PROBLEM DETAILS – Every entry is to be transcribed as it stands. Images stay out.

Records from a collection
*** Begin section ***

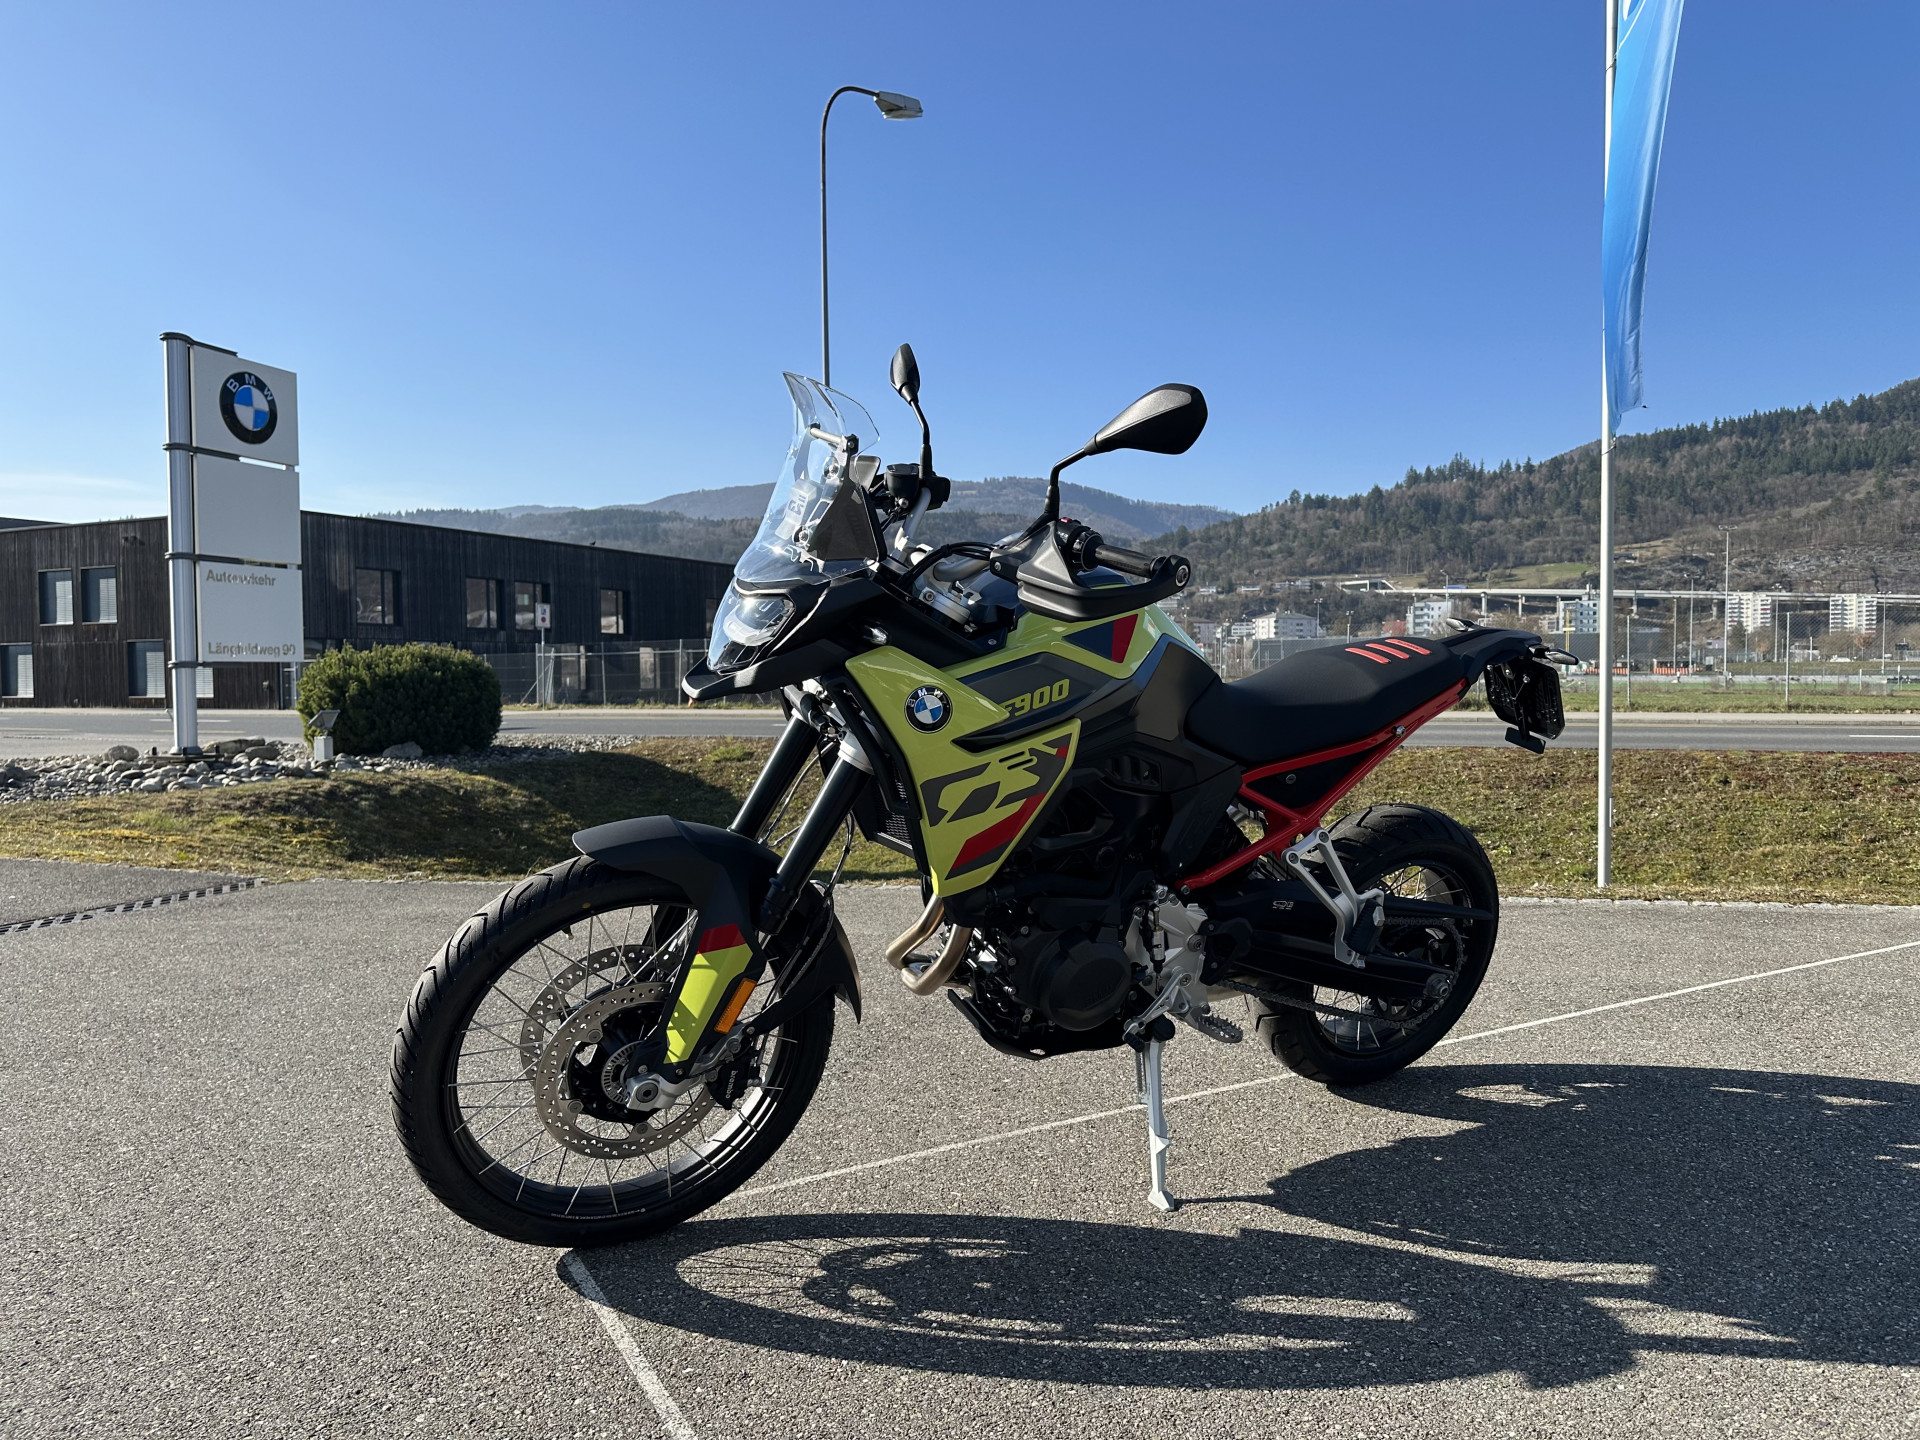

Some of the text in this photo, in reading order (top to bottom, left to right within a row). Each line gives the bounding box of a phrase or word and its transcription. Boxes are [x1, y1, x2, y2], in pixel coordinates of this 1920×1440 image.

[226, 373, 274, 401] BMW
[907, 687, 943, 708] BMW
[725, 1070, 738, 1099] brembo
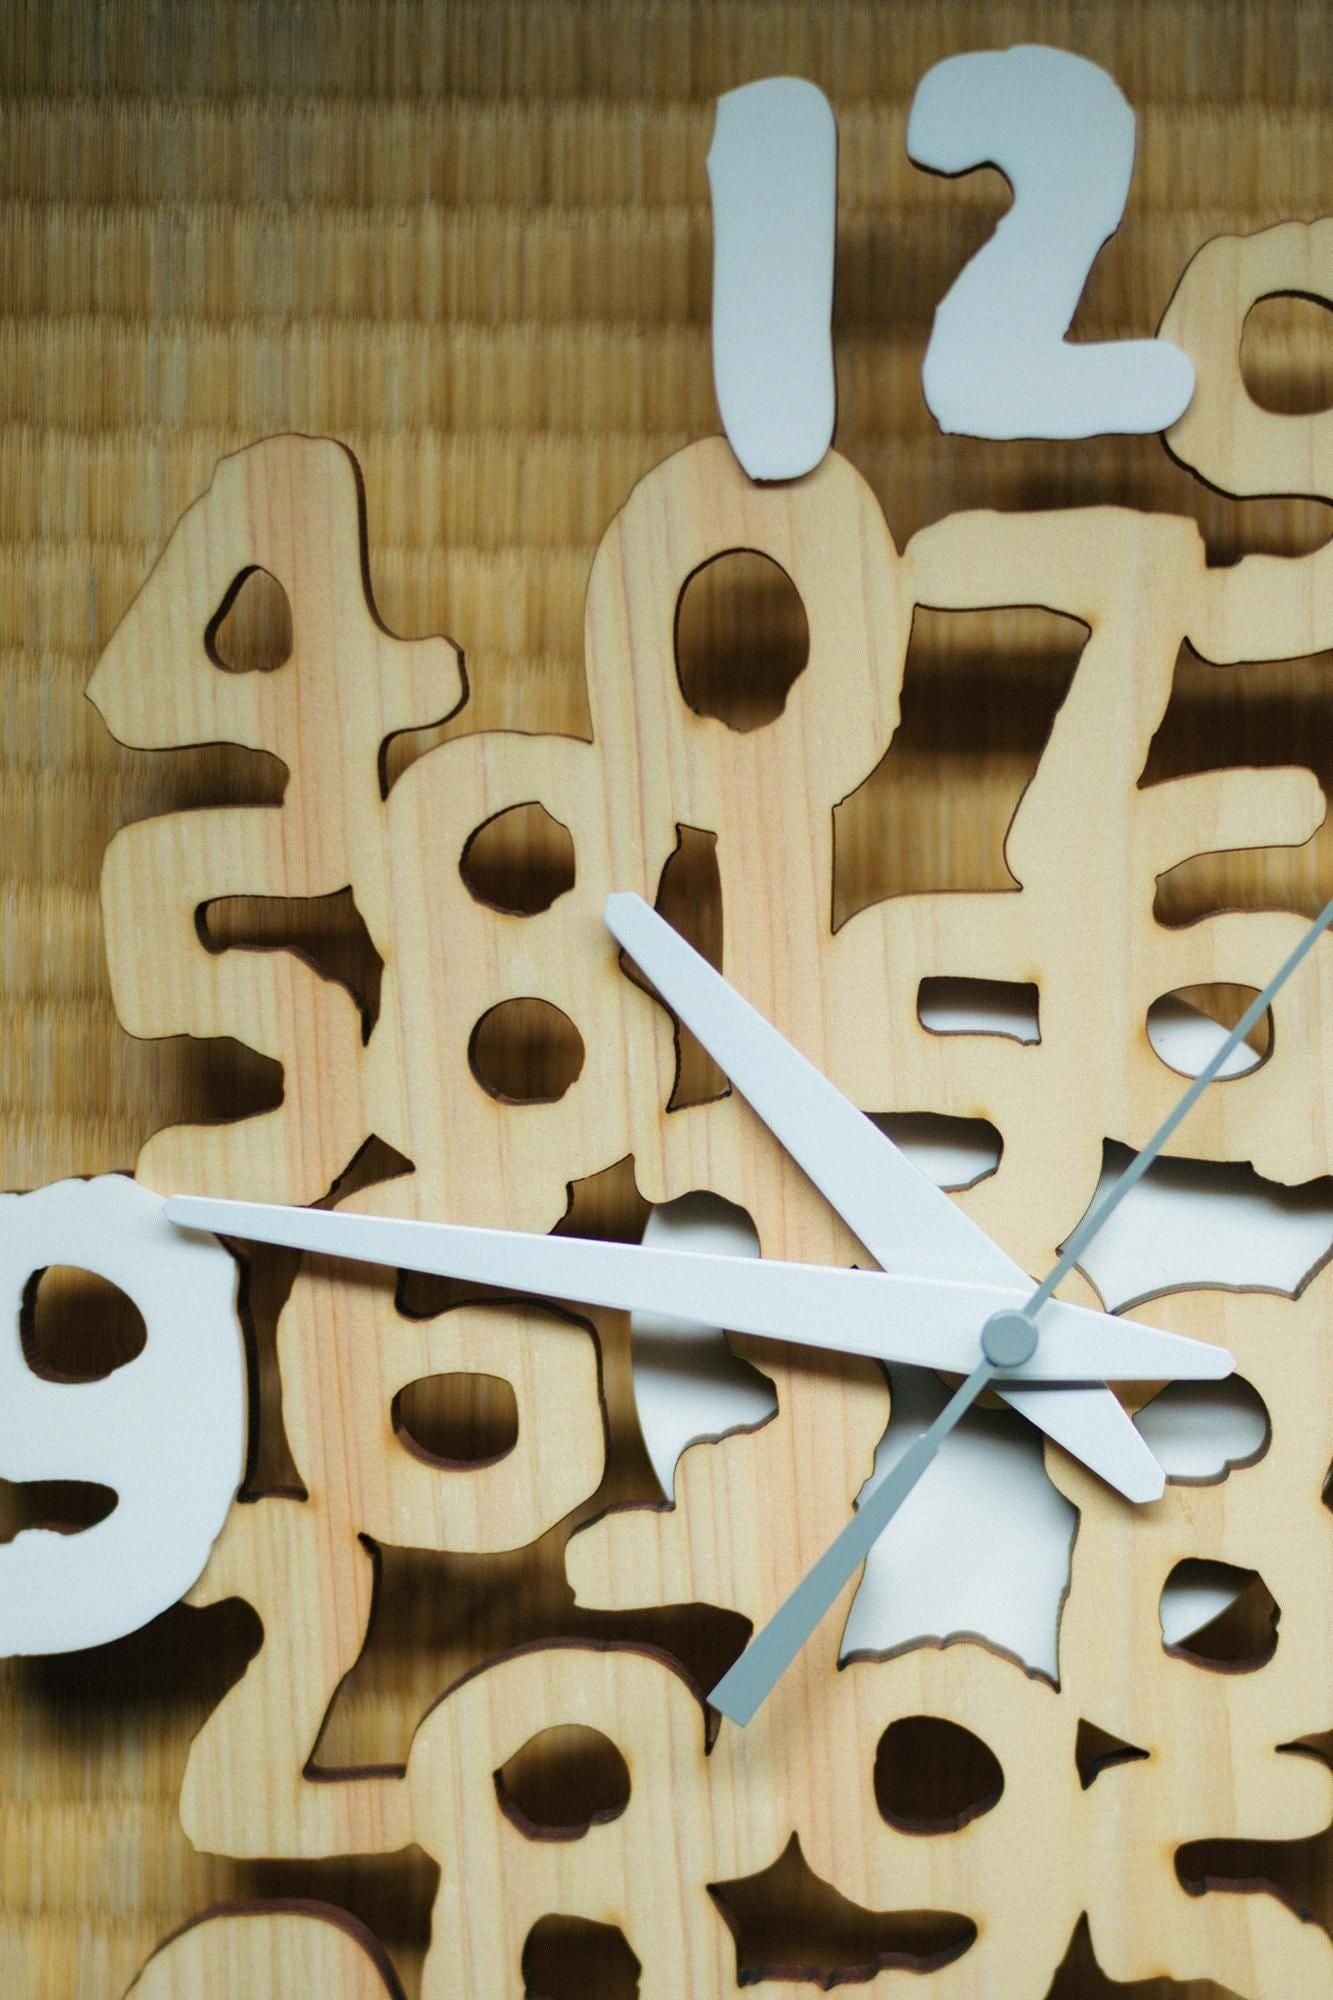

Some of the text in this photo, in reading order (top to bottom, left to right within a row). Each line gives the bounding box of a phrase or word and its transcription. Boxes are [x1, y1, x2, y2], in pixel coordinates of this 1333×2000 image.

[706, 43, 1197, 483] 12
[85, 432, 469, 840] 4
[903, 504, 1208, 895] 7
[100, 800, 387, 1210] 5
[380, 729, 665, 1235] 8
[0, 1171, 248, 1658] 9
[275, 1180, 607, 1555] 6
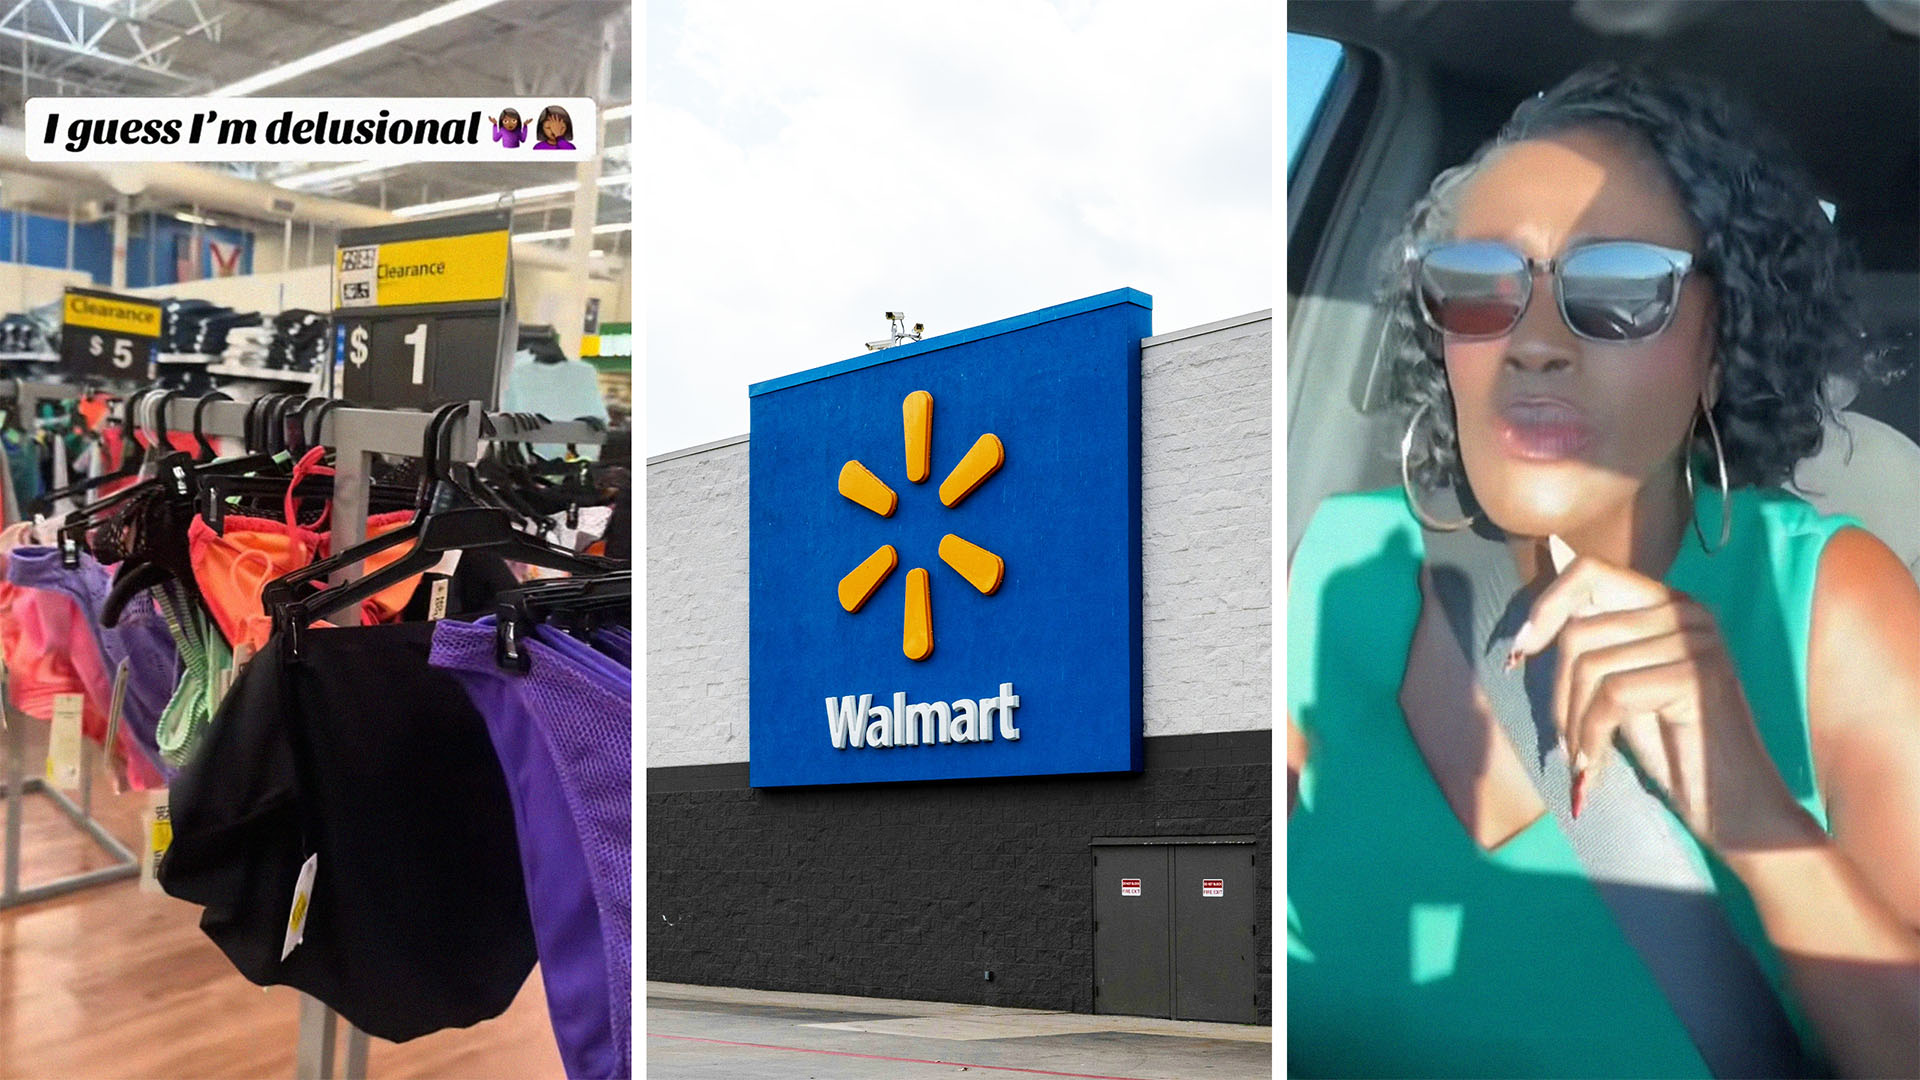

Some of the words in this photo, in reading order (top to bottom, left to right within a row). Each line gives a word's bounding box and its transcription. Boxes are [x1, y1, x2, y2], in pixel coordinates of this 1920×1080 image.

[376, 260, 446, 280] Clearance
[70, 298, 155, 323] Clearance
[112, 338, 133, 369] 5
[349, 324, 369, 369] $
[403, 323, 428, 385] 1
[825, 682, 1020, 750] Walmart

*** End section ***

EXERCISE RESULT –
Some of the text in this photo, in reading order (top to bottom, left to right within a row). Each line gives the bounding box of a phrase or word and its transcription. Boxes are [x1, y1, x2, y2], in pixel coordinates of this 1920×1440 image.

[226, 373, 274, 401] BMW
[907, 687, 943, 708] BMW
[725, 1070, 738, 1099] brembo

Some of the text in this photo, in reading order (top to bottom, left to right within a row). Each line gives the bounding box of a phrase or word and its transcription. Boxes are [x1, y1, x2, y2], in pixel coordinates of this 1333×2000 image.

[706, 43, 1197, 483] 12
[85, 432, 469, 840] 4
[903, 504, 1208, 895] 7
[100, 800, 387, 1210] 5
[380, 729, 665, 1235] 8
[0, 1171, 248, 1658] 9
[275, 1180, 607, 1555] 6

Some of the words in this photo, in reading order (top to bottom, left to right within a row). Each line gives a word's bounding box and its transcription. Boxes are [x1, y1, x2, y2], in pixel coordinates of this 1920×1080 image.

[376, 260, 446, 280] Clearance
[70, 298, 155, 323] Clearance
[112, 338, 133, 369] 5
[349, 324, 369, 369] $
[403, 323, 428, 385] 1
[825, 682, 1020, 750] Walmart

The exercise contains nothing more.